Whenever a picture appears, leave it out while repeating all the other data exactly.

Saved data entries
————
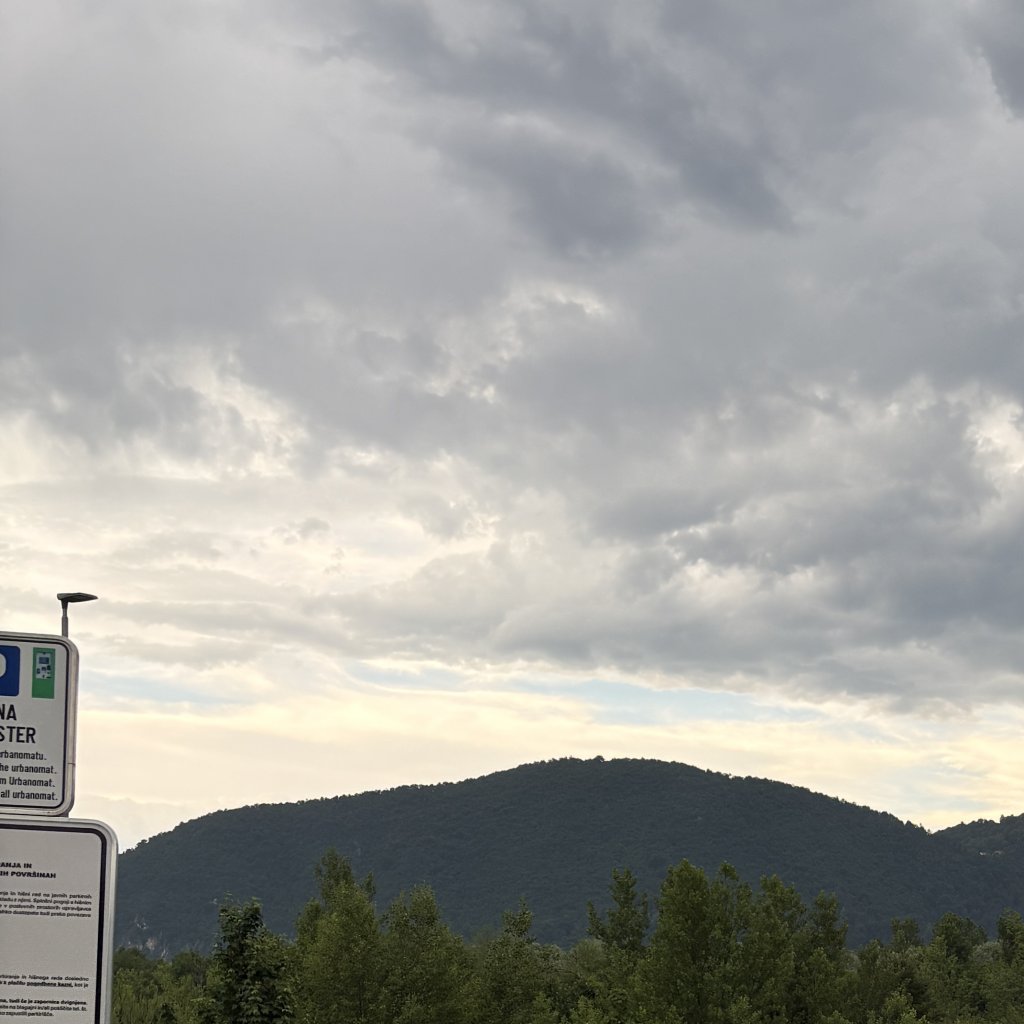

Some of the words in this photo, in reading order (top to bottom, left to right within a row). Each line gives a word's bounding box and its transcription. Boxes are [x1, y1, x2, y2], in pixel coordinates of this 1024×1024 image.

[0, 749, 47, 760] rbanomatu.
[11, 764, 57, 774] urbanomat.
[9, 776, 56, 787] Urbanomat.
[12, 790, 58, 801] urbanomat.
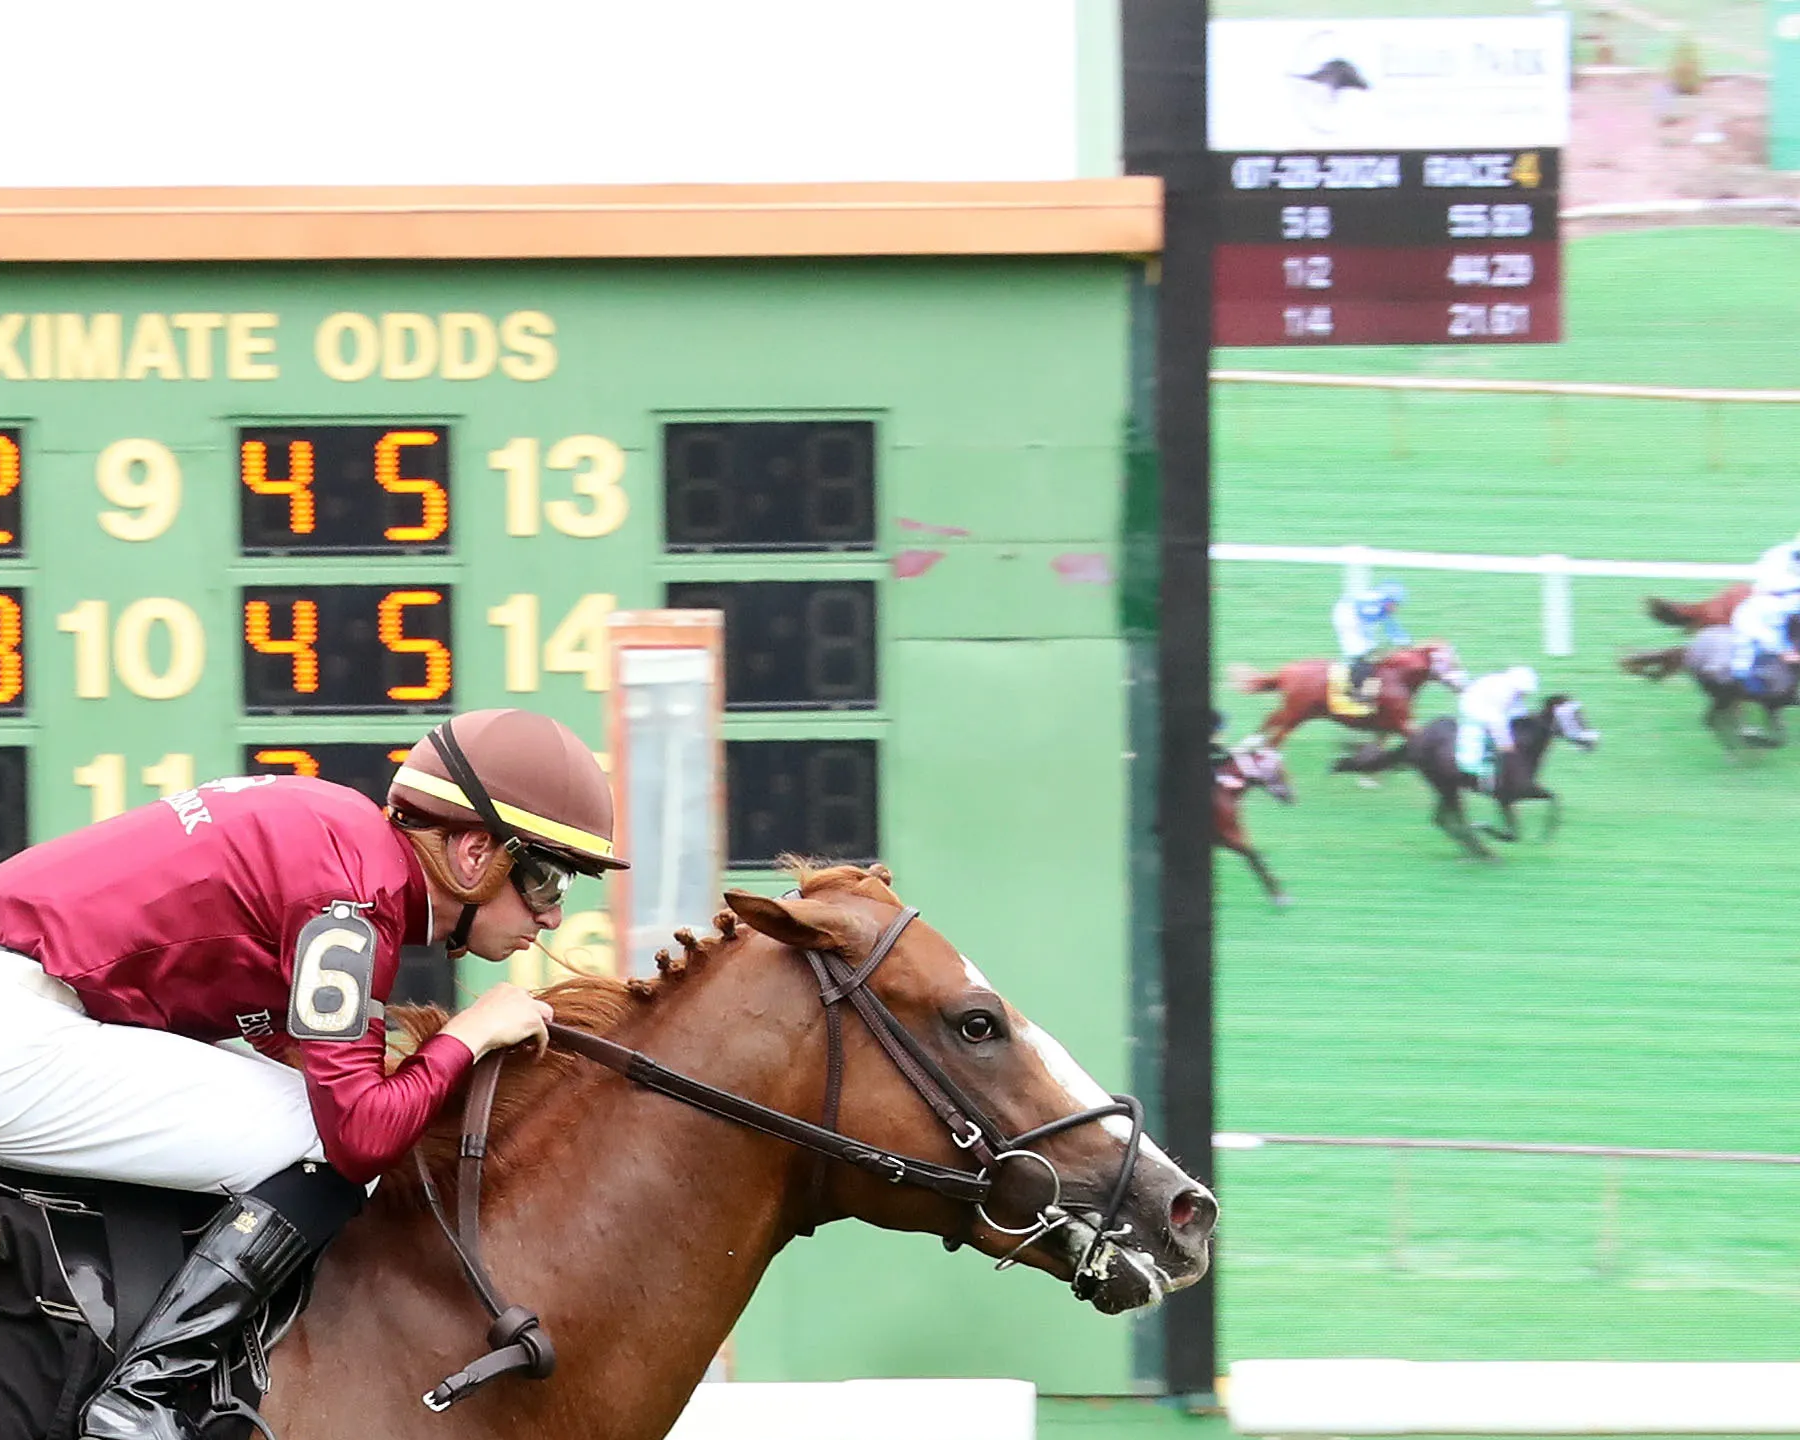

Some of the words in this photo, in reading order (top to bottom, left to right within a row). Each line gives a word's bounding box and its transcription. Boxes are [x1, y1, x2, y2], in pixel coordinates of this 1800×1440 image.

[1509, 153, 1542, 189] 4
[313, 309, 559, 383] ODDS
[94, 436, 184, 542] 9
[487, 433, 631, 539] 13
[55, 595, 207, 700] 10
[486, 592, 616, 692] 14
[295, 927, 368, 1033] 6
————
__Reply to the exercise__.
Some of the words in this photo, in reading order (top to bottom, left to right within a row). Each line gives a word's bounding box and its transcription. Boxes are [x1, y1, x2, y2], in pixel coordinates of this 1024×1024 image.

[0, 749, 47, 760] rbanomatu.
[11, 764, 57, 774] urbanomat.
[9, 776, 56, 787] Urbanomat.
[12, 790, 58, 801] urbanomat.

Some of the words in this photo, in reading order (top to bottom, left to right within a row). Each line gives a word's bounding box and its transcription. Boxes are [x1, y1, x2, y2], in pixel coordinates of this 1800×1440 image.

[1509, 153, 1542, 189] 4
[313, 309, 559, 383] ODDS
[94, 436, 184, 542] 9
[487, 433, 631, 539] 13
[55, 595, 207, 700] 10
[486, 592, 616, 692] 14
[295, 927, 368, 1033] 6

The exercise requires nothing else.